そのアイデアは, 僕がウェブフック(web hooks)と呼んでいるものだ. すごく簡単なサーバサイドの仕組みで, ウェブアプリケーションのユーザが自分のデータを自分の好きなようにできる. 開発者は, ユーザが様々なイベントに呼応する URL を指定できるようにする. アプリケーションはデータや通知をリアルタイムで URL に渡すんだ.
このアイデアのせいで共産主義者よわばりもされたけれど, これはかつてウェブを新しいレベルに引き上げるものかもしれない. API や RSS がそうしたように. 問題はそれを誰も実装していないことだけれど, これはおかしな話だ. REST より簡単に実装できるんだからね.
API 群によって, ウェブサービスは互いにやりとりができる... 自分が一方の API を実装しているか, 開発者が意識的に相手を使おうとした場合に限れば. API と RSS フィードによって, 入出力のある分散アプリケーションプラットホームとしてのウェブという アイデアが見え隠れしはじめた. そう, 僕達がしているのはその話だ. けれどぴったりその話, というわけじゃない.
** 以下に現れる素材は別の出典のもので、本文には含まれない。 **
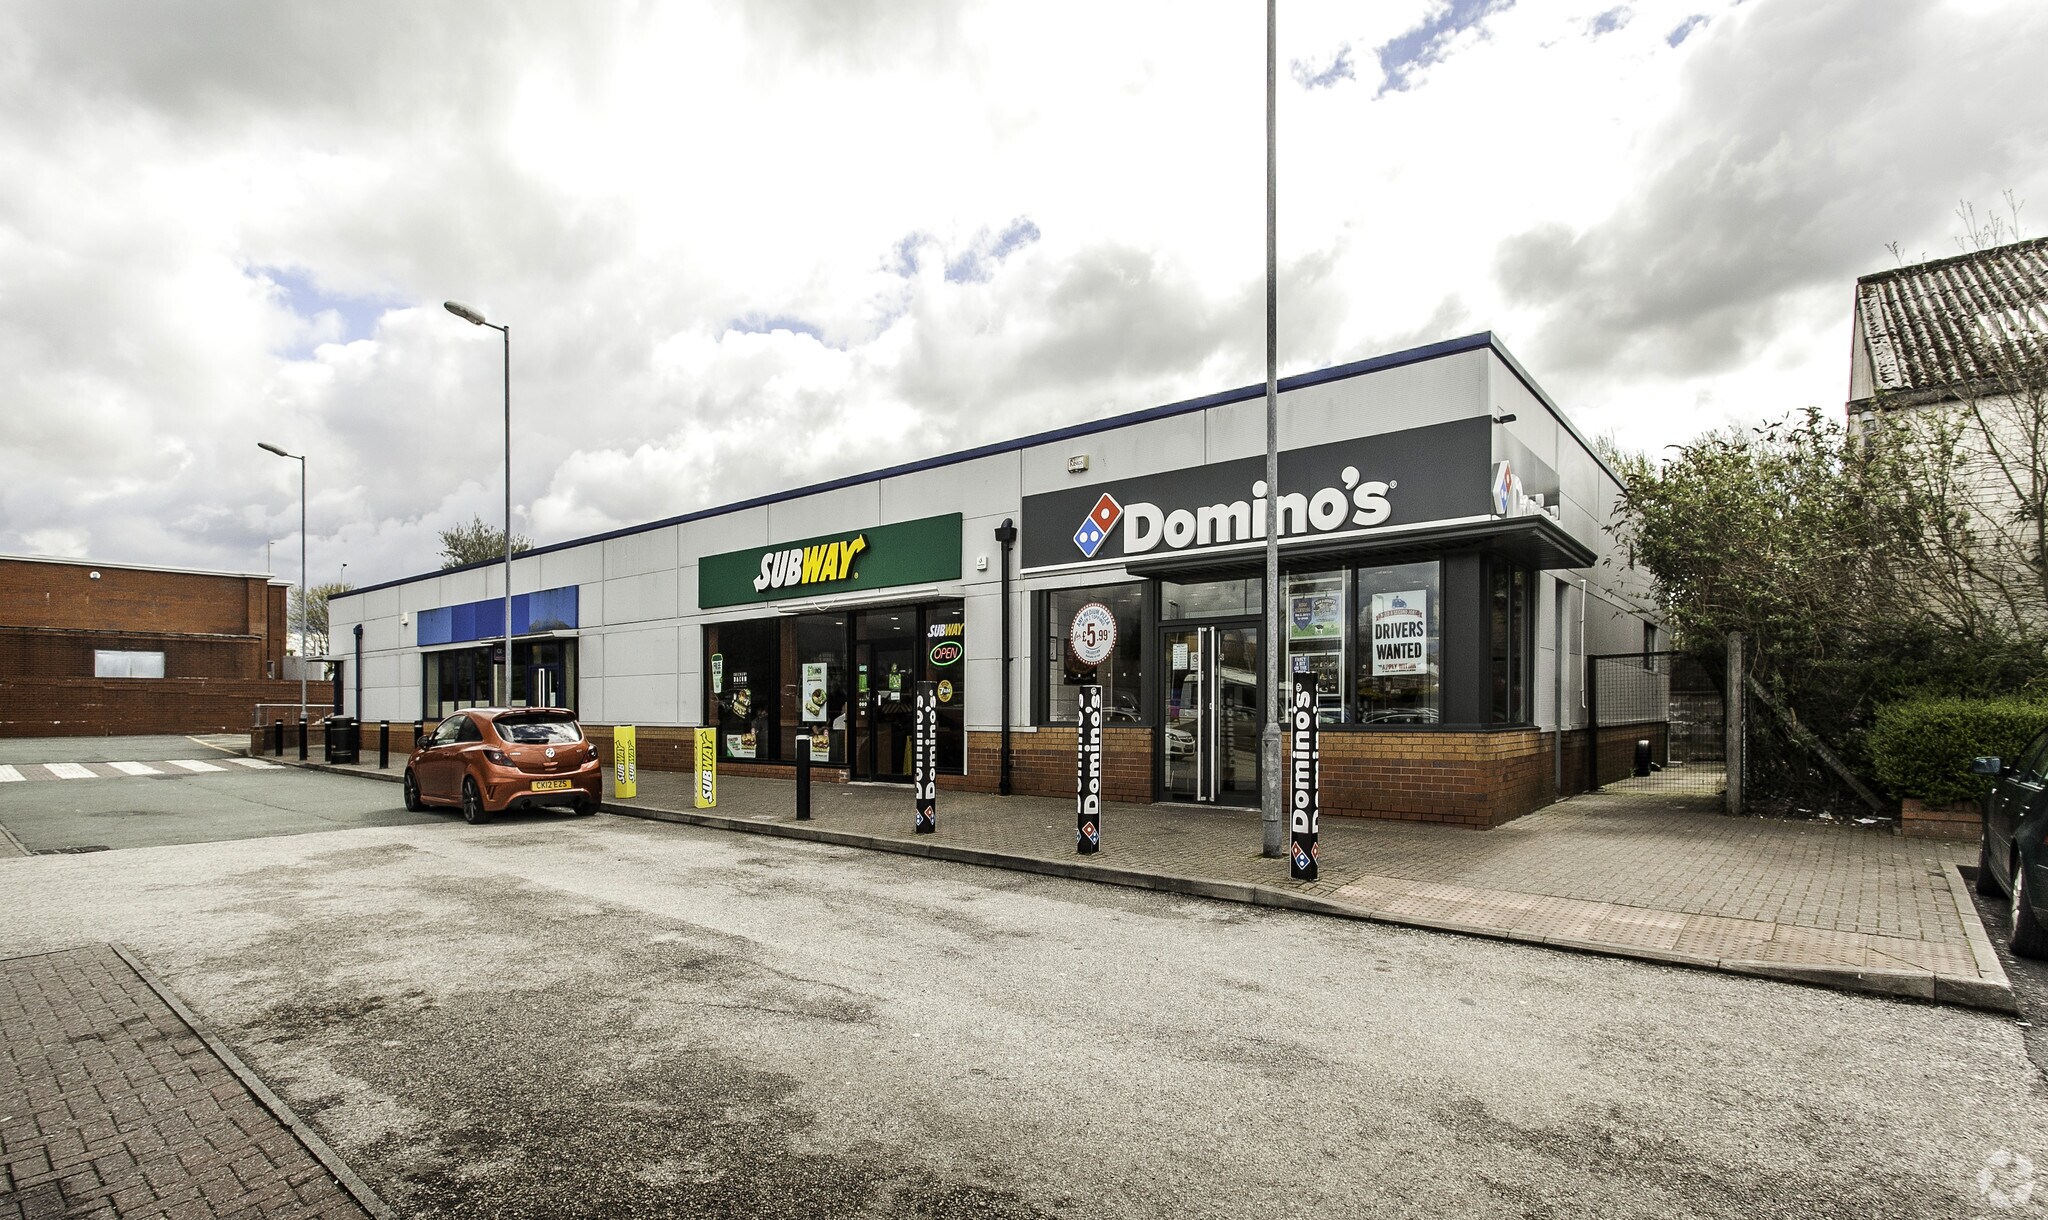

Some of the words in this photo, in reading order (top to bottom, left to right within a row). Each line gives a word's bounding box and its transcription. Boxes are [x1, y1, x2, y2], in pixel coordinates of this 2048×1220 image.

二つのウェブサービスがデータを共有できたらすごいということがわかった. 僕がいつも使う例は Basecamp と Harvest だ. 僕達は Harvest を買って時間管理をしたいけれど, 一方で複数の重複するデータを扱わなければいけない. 今回だとプロジェクトが複数ある.
もし Basecamp がプロジェクト作成にフックを用意していたら, つまり僕たちが指定した URL にデータを送ってくれたら, 僕達は Harvest の API を使ってそのデータを投稿するスクリプトが書けるのに.
アイデアはサービス同士が直接コミュニケートする, ということじゃない. 実際サービス同士がデータを共有する必要は何もないんだ. ただユーザが自分のやりたいことが HTTP 経由でできるようにしてほしい, という話だ. ユーザが PHP のスクリプトをどこかで動かせるようになるのは別に大変じゃない. 自分でスクリプトを書きたくないと思っても, それにウェブフックを使うサービスが十分にあれば あるデータを別のデータに合わせこみサービス同士をつなぐサービスだって出てくるだろう.
ウェブフックは全ての人に意味のあるものではないけれど, ユーザのデータを永続化して操作するアプリケーションには意味がある. ウェブフックによってユーザは少ないコストでとても多くのことができるようになるだろう.
以上, 僕のアイデアを紹介した. この話はもっと色々書くかもしれない. それと自分が使いたいものウェブフックについて, それを実装すべき人々への説得もがんばると思う. DevjaVu? では Subversion のフックを公開している. コミット後(post-commit) フックなどだ.
この話に反響があって, ウェブフックのある世界が少しでも広がればいいなと思う.